The benefits of the pushrod seem to be many ( 1) weight 2) low COG 3) low/midrange torque 4) efficiency 5) cost 6) durability). Why would GM move away from a technology in their race car and some of their street cars if it seems to have so many benefits? Is it a combination of the importance of exhaust scavenging combined with the 5.5L displacement limit? If so, then why couldn't GM seek a waiver to run more than 5.5L of displacement in the race car as other manufacturers have done?

My other question is far more open ended. If one were to create a modern "unlimited" series a-la Can Am, would pushrods be the motor of choice due to packaging and the fact that for every additional bit of displacement one adds to an OHC engine, the additional weight and COG would be negate the additional horsepower created via better breathing? For the moderators, I would be happy to take this topic to a different forum if it is required. Thank you in advance!
Great question, but the answer is probably a bit different than you would imagine.

Consider the car in question, and the primary market. The US has long been the country of "go on green" and a maker of cars larger and heavier than most cars in the European markets. Big, wide roads, plenty of high speed limits on highways, "luxury" cars what were huge, and even in performance cars people that like low revs to help with sound control and such.

One must consider the relationships between torque and horsepower in your question. Make most of your torque down low in the rev range, and you get off the line acceleration, lower throttle application to get the car moving, taller gear ratios to keep revs down, etc. Make that same amount of torque higher in the rev range and you get more horsepower. With the right adjustment of gear ratios and such, the vehicle still accelerates as quickly, but might be turning more revs to do the same thing.

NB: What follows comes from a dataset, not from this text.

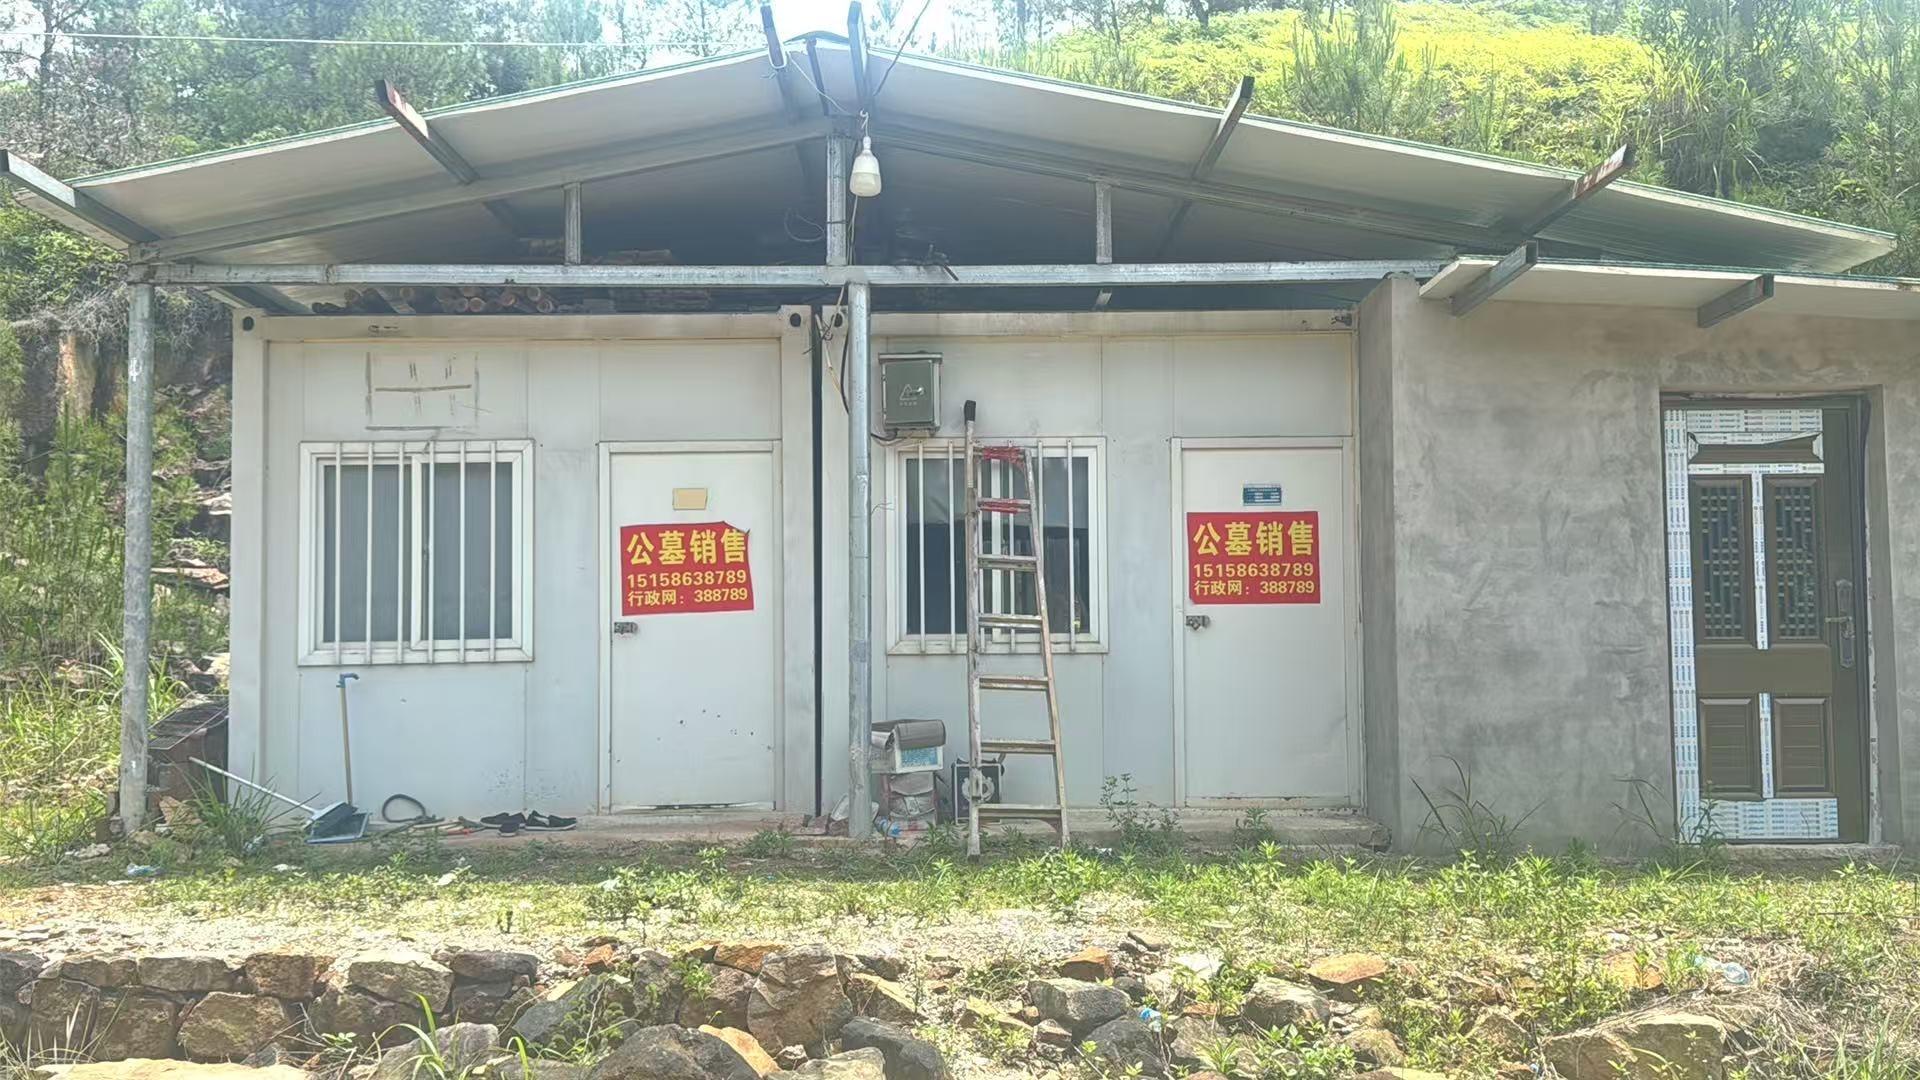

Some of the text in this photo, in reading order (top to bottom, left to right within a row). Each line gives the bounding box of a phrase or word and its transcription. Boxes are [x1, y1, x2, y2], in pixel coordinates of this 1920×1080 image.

Pushrod engines have limits on revs as compared to OHC engines, thus they are better suited to engines that turn less revs to make their power. OHC engines can rev higher, thus the engine can be made to ensure the peak torque is at higher revs. Torque at higher revs becomes more horsepower, and horsepower wins races. OHC has more options for variable valve timing and lift, which is a great addition regardless of where you want to make your torque and horsepower. But it has more parts, is more complex, etc.... so for production costs if you can make the car perform with simple yet larger engines it's often most cost effective.

In a racing application, the cost and complexity are essentially out the window in favor of power to weight ratio, overall efficiency in terms of BSFC, packaging into the car helping balance, etc.



And as much as some like to get into the "which cars are better" debate, data shows US made cars sell better in the US, European made cars sell better in Europe. No shocker there. But the auto manufacturer has to look at the big picture, and the big picture shows that if the US car sells so much better in the US that they don't worry about sales in Europe, than that is what they will do. There are very few vehicles that actually breach well into the "global" market as we think of it.

More Corvettes sell in the US than the combined total of the top 5 or so European built cars in a same category. The inverse also applies. A 911 probably sells more in Europe than the next 5 US competitors in the class.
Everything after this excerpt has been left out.